Özdemir,  Cezaevi Alt Komisyonu’nun yarın yapacağı toplantısında,  Van M Tipi Cezaevi’nin ilk incelenecek yer olması önerisinde bulunacağını söyledi ve “ Basından öğrendiğimiz kadarıyla  cezaevinde ciddi bir hasar var. Ama hasarın boyutlarını bilmiyoruz. Bahçe duvarı yıkıldı deniyor. Sadece bahçe duvarı mı yıkıldı?  Başka neler oldu bunları   yerinde incelememiz gerekiyor” 
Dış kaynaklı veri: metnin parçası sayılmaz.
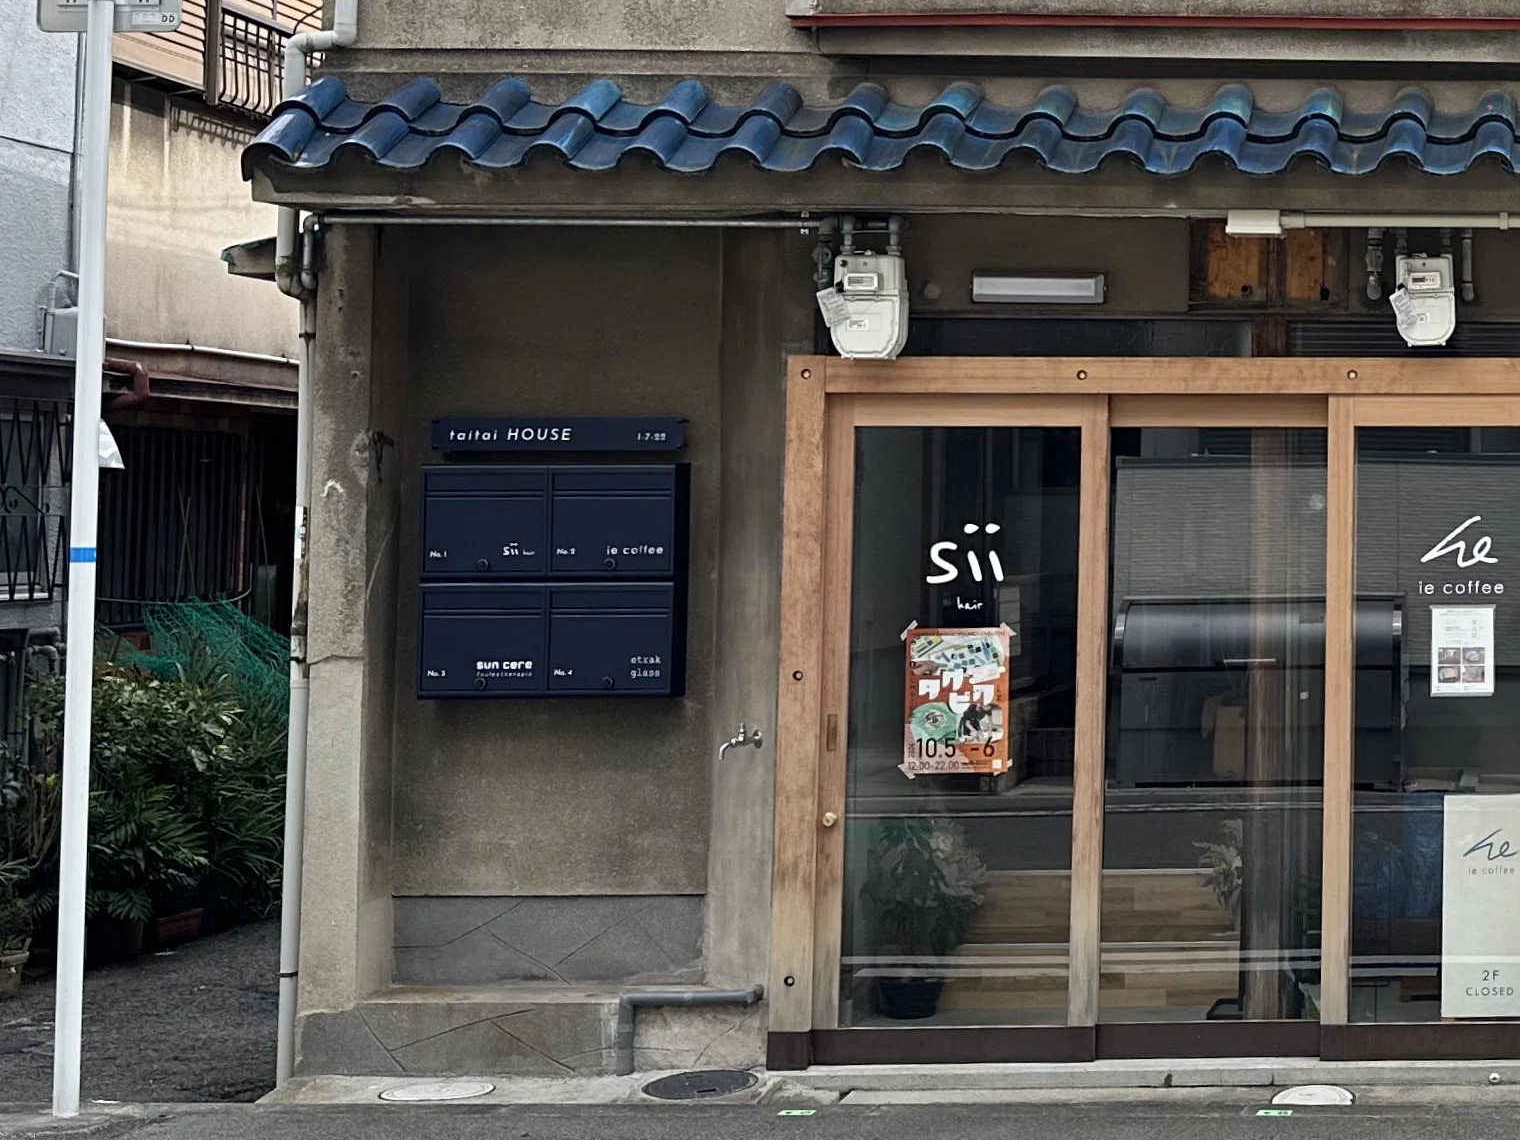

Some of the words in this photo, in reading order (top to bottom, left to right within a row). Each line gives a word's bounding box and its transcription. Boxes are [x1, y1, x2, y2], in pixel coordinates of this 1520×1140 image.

[449, 429, 498, 441] taitai
[507, 427, 572, 441] HOUSE
[622, 545, 664, 555] coffee
[1418, 580, 1435, 595] ie
[1442, 580, 1505, 595] coffee
[630, 655, 661, 664] etrak
[476, 661, 500, 670] sun
[502, 661, 533, 670] cere
[916, 738, 956, 758] 10.5
[1482, 866, 1515, 875] coffee
[1482, 969, 1500, 982] 2F
[1465, 986, 1515, 997] CLOSED
‘Geçmişte de keşmekeşlik  vardı’  



Cezaevinden firar edenlerin sayısının bilgisayarların çalışmaması nedeniyle net bilinmediğini  söyleyen Özdemir, “ Geçmişte de orada bir keşmekeşlik vardı.  Bir şeyin değişmediği  anlaşılıyor”.  Özdemir, tutuklu ve hükümlü yakınlarının cezaevi kapısında beklediklerine ilişkin görüntülere dikkat çekti ve “  İçeriden haber alamayan yakınlar kapıda bekliyor.  Bu kadar ağır bir deprem yaşanan bir yerde ailelerin tutuklu ve hükümlü yakınlarından haber almak istemeleri kadar doğan ne olabilir. Bu bir insan hakkı”. 
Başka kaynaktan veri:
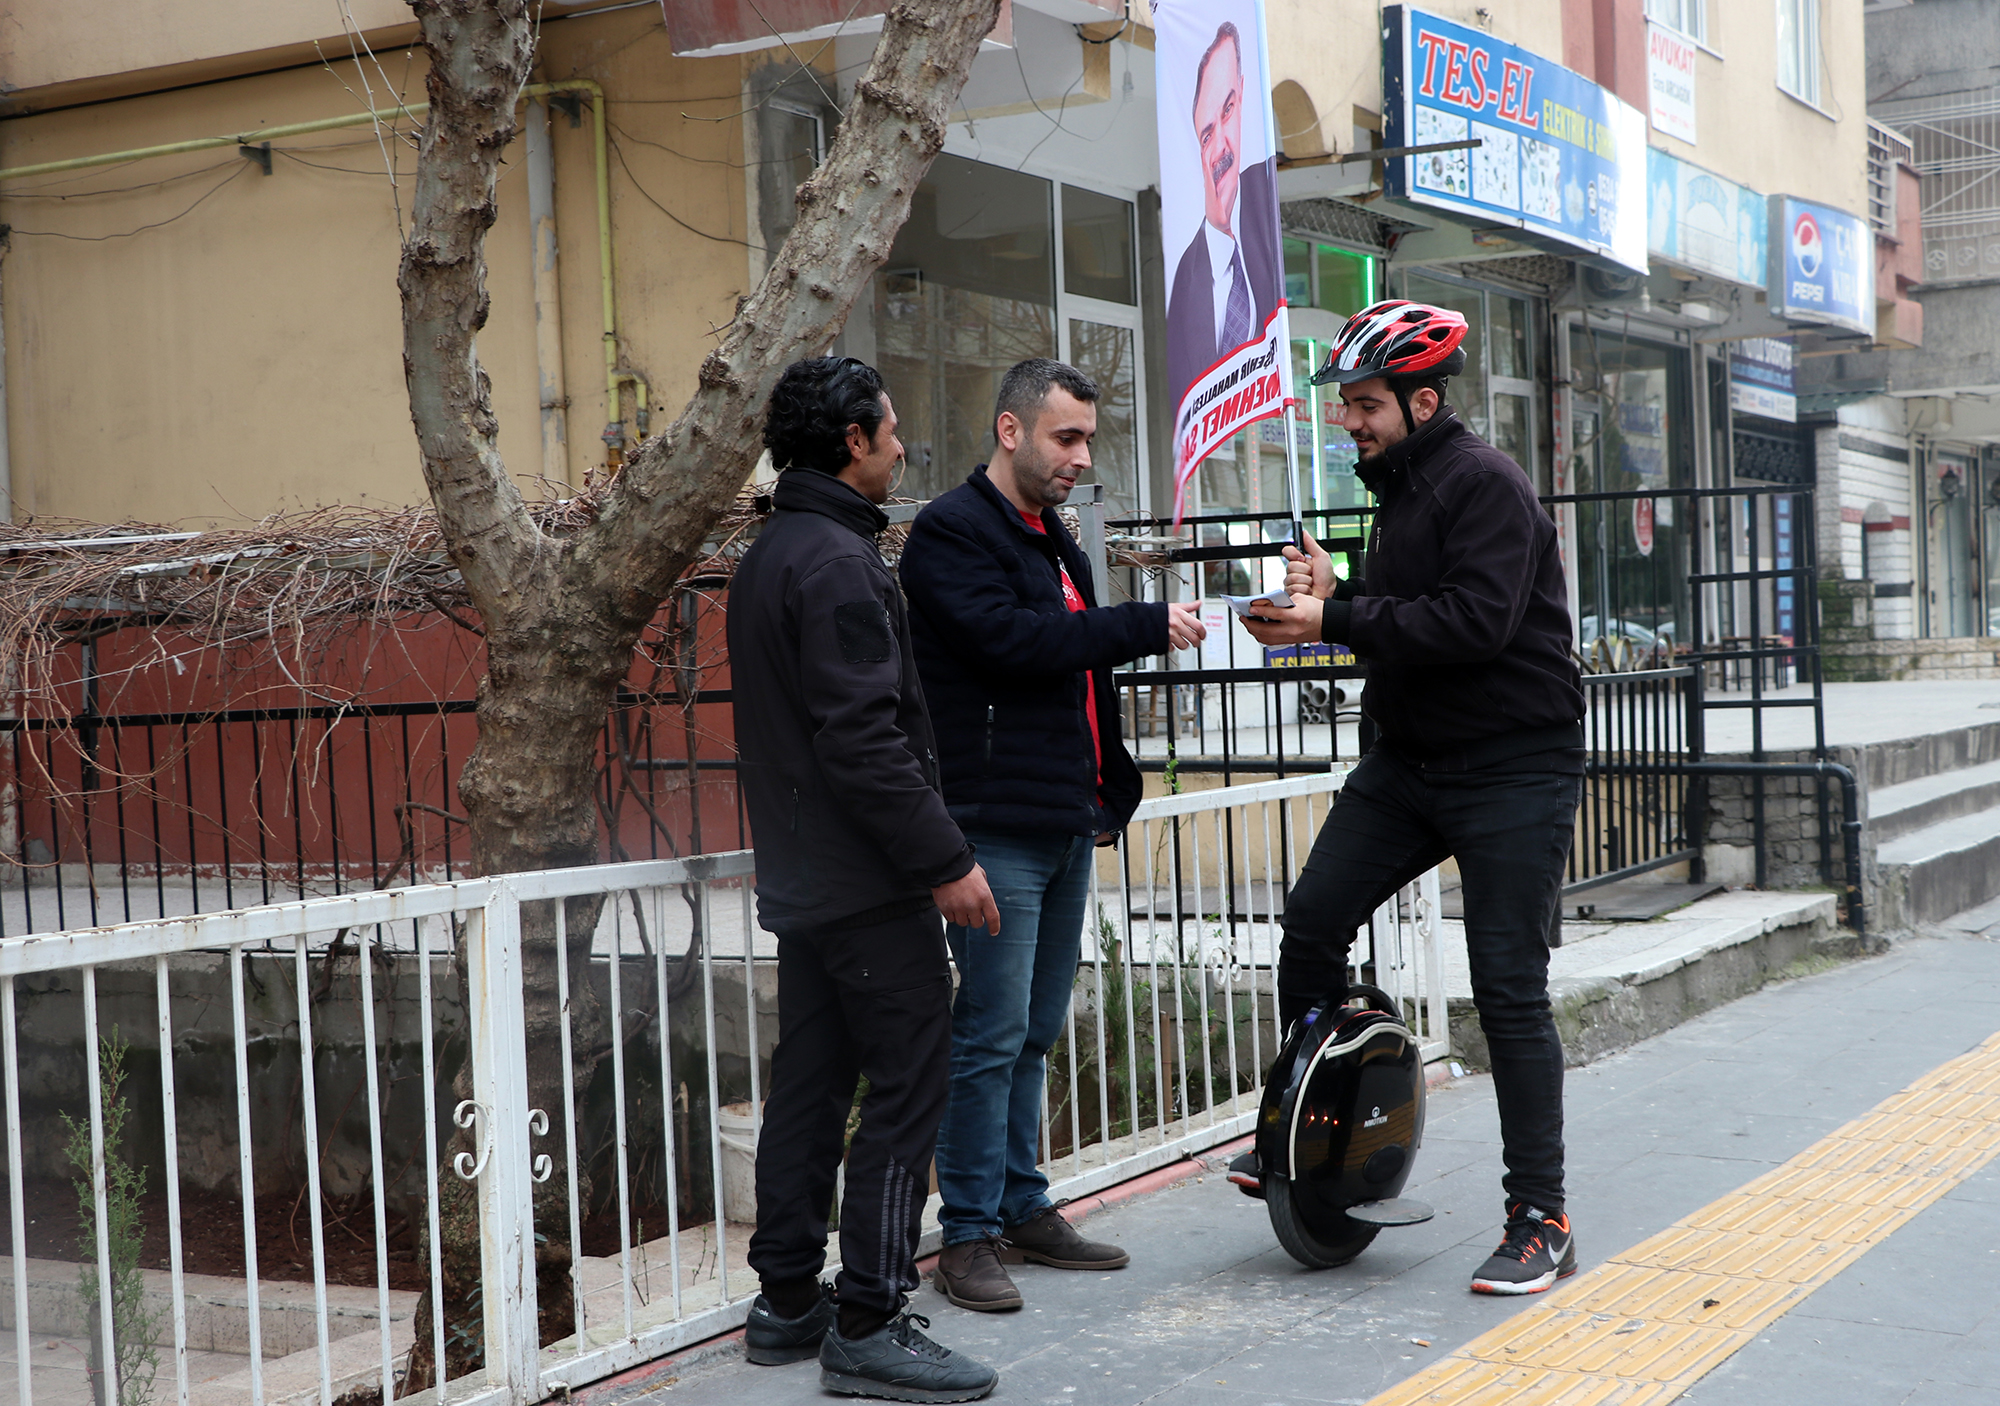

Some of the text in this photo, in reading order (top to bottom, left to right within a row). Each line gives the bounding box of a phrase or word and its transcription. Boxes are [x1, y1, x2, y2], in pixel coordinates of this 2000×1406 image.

[1650, 32, 1694, 76] AVUKAT
[1418, 28, 1539, 130] TES-EL
[1543, 98, 1587, 149] ELEKTRİK
[1792, 281, 1824, 303] PEPSI
TBMM’nin  Van M Tipi Cezaevi ile ilgili 2009 yılı raporu şöyle: 

-Alt komisyonumuz tarafından ziyaret edilen Van M Tipi Ceza İnfaz Kurumunun fiziksel koşullar, personel durumu ve diğer faktörler dikkate alındığında oldukça kötü bir halde olduğu, bu şartlarda normal bir yaşam sürmenin bile mümkün olmadığı görülmüştür.

-350 kişilik kurum kapasitesinin, 2007 yılında şartların zorlanarak 520 kişiye çıkarılmasına rağmen şu an 716 kişinin kaldığı belirlenmiştir. 40 kişilik koğuşlarda 80 kişinin bulunması rakamsal olarak durumu ortaya koymakla birlikte, insani olarak da rahatsız edici görüntülerin ortaya çıkmasına sebebiyet vermektedir.
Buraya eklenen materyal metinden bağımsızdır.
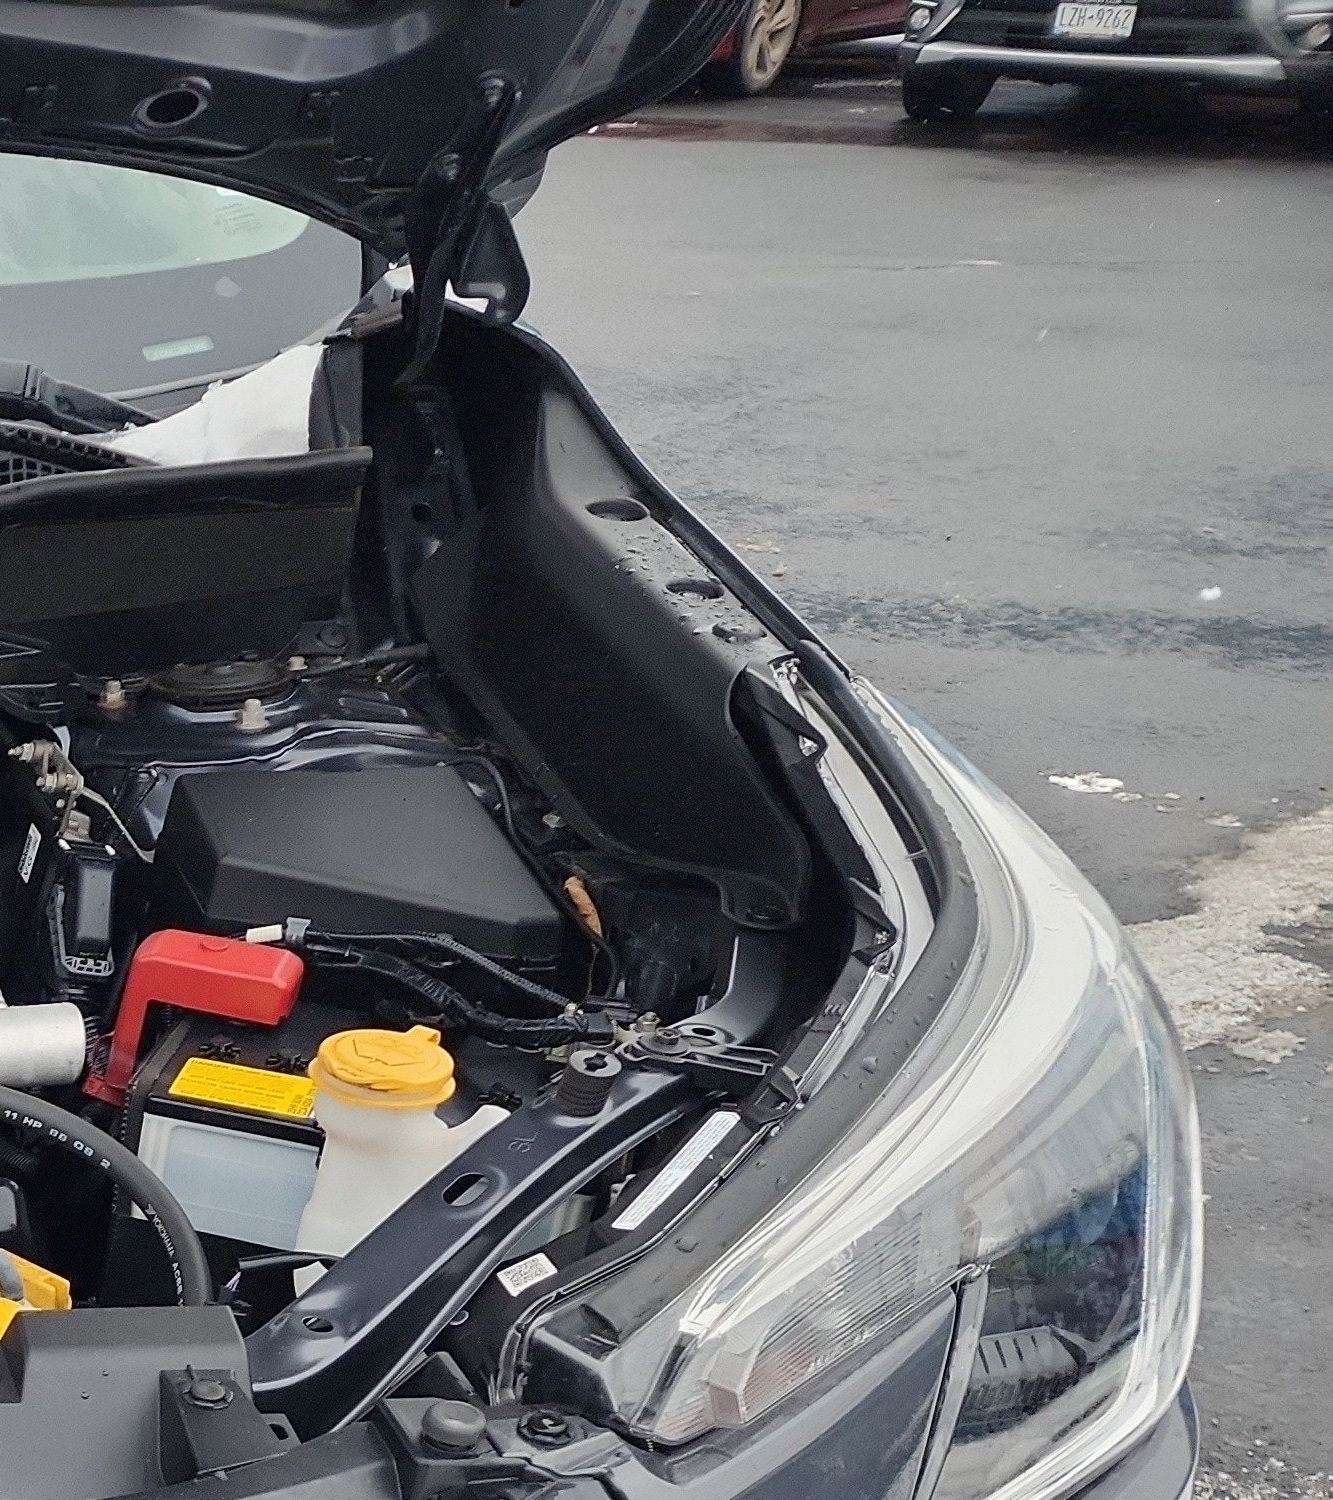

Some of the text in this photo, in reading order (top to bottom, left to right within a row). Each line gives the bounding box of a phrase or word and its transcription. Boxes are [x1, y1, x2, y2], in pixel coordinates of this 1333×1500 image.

-Deprem bölgesi olan Van’da binanın yetersizliği yanında eskiliği ve bakımsızlığı da dikkat çekmiştir. Nitekim 2007 yılında bodrum katında gözlemlenen tahribatın ve deprem riskine karşılık kolonların güçlendirilmesi gerekliliğinin Adalet Bakanlığı Ceza Tevkif Evleri Genel Müdürlüğüne bildirilmesi üzerine ilgili genel müdürlük, kurumun depreme karşı mukavemetinin tespit edilmesi amacıyla ön inceleme yapılmasını istemiştir.

-Yapılan ön inceleme sonucu düzenlenen raporda; binanın 1998 yılından önce yapılmış olması sebebiyle 1998 yılında çıkarılan deprem Yönetmeliğindeki normlara uygun olmadığı, binanın betonunda segrasyon ve karbonlaşma olduğu, betonda yeterli vibrasyonun yapılmadığı, bu nedenle taşıyıcı elemanlarda ciddi taşıyıcı kapasite azalması olduğu, yine taşıyıcı elemanlarda korozyon olduğu, taşıyıcı elemanların beton kalitesinin yönetmelik standartlarından düşük olduğu, duvar kalınlıkları oldukça fazla olduğundan kolon ve kirişlere gelen yükün normal bir karkas binanın taşıyıcı elemanlarına gelen yüke göre oldukça fazla olduğu, binada hiçbir taşıyıcı elemanın donatısının yeni deprem yönetmeliğinin “Hemen kullanım performans düzeyi”ni sağlamaya uygun olmadığı belirtilmiş, sonuç olarak da incelenen yapının ceza infaz kurumu olması sebebiyle deprem esnasında tahliyesinin kolay olmayacağı bu nedenle de, tadilatı dahi kaldıramayacak nitelikte olan bu binanın zaman geçirmeksizin boşaltılması en sağlıklı yol olarak gözükmektedir.